Published : Aug. 30, 2012 - 20:05
A visitor looks at artist Zoe Leonard’s “Campo San Samuele” exhibited during the “Voice of Images” exhibition at Palazzo Grassi on Wednesday in Venice. (AFP-Yonhap News)
VENICE, Italy (AFP) ― Venetian canals transformed through a camera obscura, intimate snapshots of a prisoner’s life and a hall of whispers are among the installations on show at a new exhibition at Venice’s Palazzo Grassi.
Around 30 works by 27 international artists, borrowed from French billionaire Francois Pinault’s private collection, explore how the medium of video has been used to capture and challenge sensory expression and perception.
The hypnotic “For Beginners” videotape by contemporary American artist Bruce Nauman is among the highlights on show at the 18th-century Palazzo Grassi museum, which the French collector bought and revamped in 2006.
The 70-year-old artist’s hands are captured on screen as they respond to verbal instructions on what positions his fingers must adopt. The video is just the latest in a series of his works which incorporate human body parts.
“As soon as we saw this work, we were hooked. The artist wanted to give it to a Californian museum. We fought to have it,” Pinault told French Culture Minister Aurelie Filippetti ahead of the exhibition’s opening on Thursday.
After months of wrangling, a deal was struck: the businessman was allowed to buy the work as long as a copy went to the Los Angeles County Museum of Art.
Alongside the talking hands, American artist Zoe Leonard captures the seductive beauty of the Serenissima’s waterways through a camera obscura.
A light streaming in from outside pierces a lens and flips the image of the grand canal outside the Palazzo Grassi onto its head, so that the waters cover the ceiling and boats pass upside-down as enchanted viewers loll on cushions.
The sense of peace contrasts sharply with Algerian-born artist Mohammed Bourouissa’s “Temps mort” installation, which collates images and sketches filmed by an inmate of a federal penitentiary in France on a mobile phone.

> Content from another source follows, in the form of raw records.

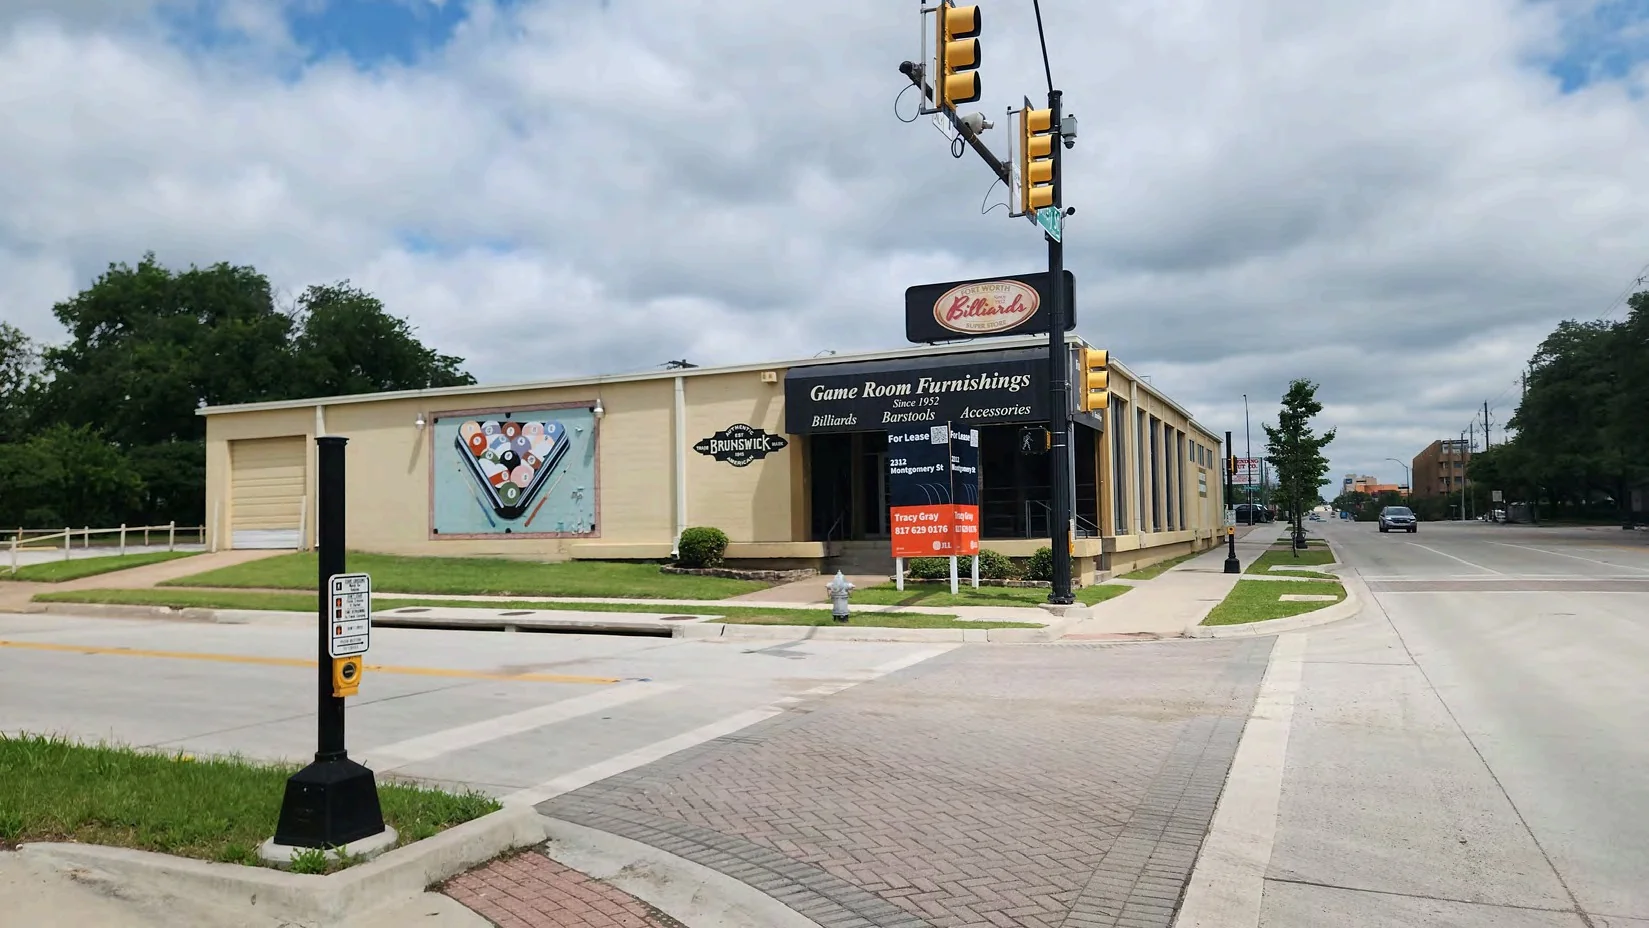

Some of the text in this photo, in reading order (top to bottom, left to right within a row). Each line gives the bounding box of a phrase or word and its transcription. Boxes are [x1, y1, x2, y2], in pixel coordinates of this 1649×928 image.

[961, 286, 981, 296] FORT
[946, 294, 1026, 322] Billiards
[810, 372, 1030, 402] Game Room Furnishings
[893, 396, 940, 408] Since 1952
[812, 404, 1031, 427] Billiards Barstools Accessories
[725, 424, 754, 437] AUTHENTIC
[888, 433, 930, 443] For Lease
[958, 431, 970, 441] Lease
[710, 434, 771, 454] BRUNSWICK
[726, 455, 754, 466] AMERICAN
[890, 458, 907, 466] 2312
[890, 464, 944, 474] Montgomery St
[894, 512, 939, 522] Tracy Gray
[895, 526, 910, 534] 817
[911, 525, 926, 534] 629
[928, 525, 948, 533] 0176

Bourouissa, who lives and works in Paris, asked the prisoner to film snapshots of inside ― from chains to inmates gathered behind bars ― to create a poor-quality video which evokes despair and violence in its banality.
In “The Passion of Joan of Arc,” Venezuelan artist Javier Tellez reworks the 1928 movie of the same name by getting mental health patients to rewrite the script to introduce the theme of madness and paranoid schizophrenia.
Tellez, who often works on questions of psychiatric illnesses, then has the patients become witnesses to the trials faced in mental health institutions.
In American artist Bill Viola’s 1995 project “Hall of Whispers,” the pallid faces of ten people who have been gagged are displayed on a dark screen, with their eyes closed, while their protests and moans are clearly heard.
Exhibition’s curator Caroline Bourgeois said video has stopped being a stand-alone medium and has become integrated into other art forms.
While each of the works speak, they do not have a common message. Each visitor to the show takes away their own interpretation, she said.
“Video does not have a cinematic type of narration. It’s victory that it is no longer billeted in a category but has become sculptural in a certain fashion,” Bourgeois said.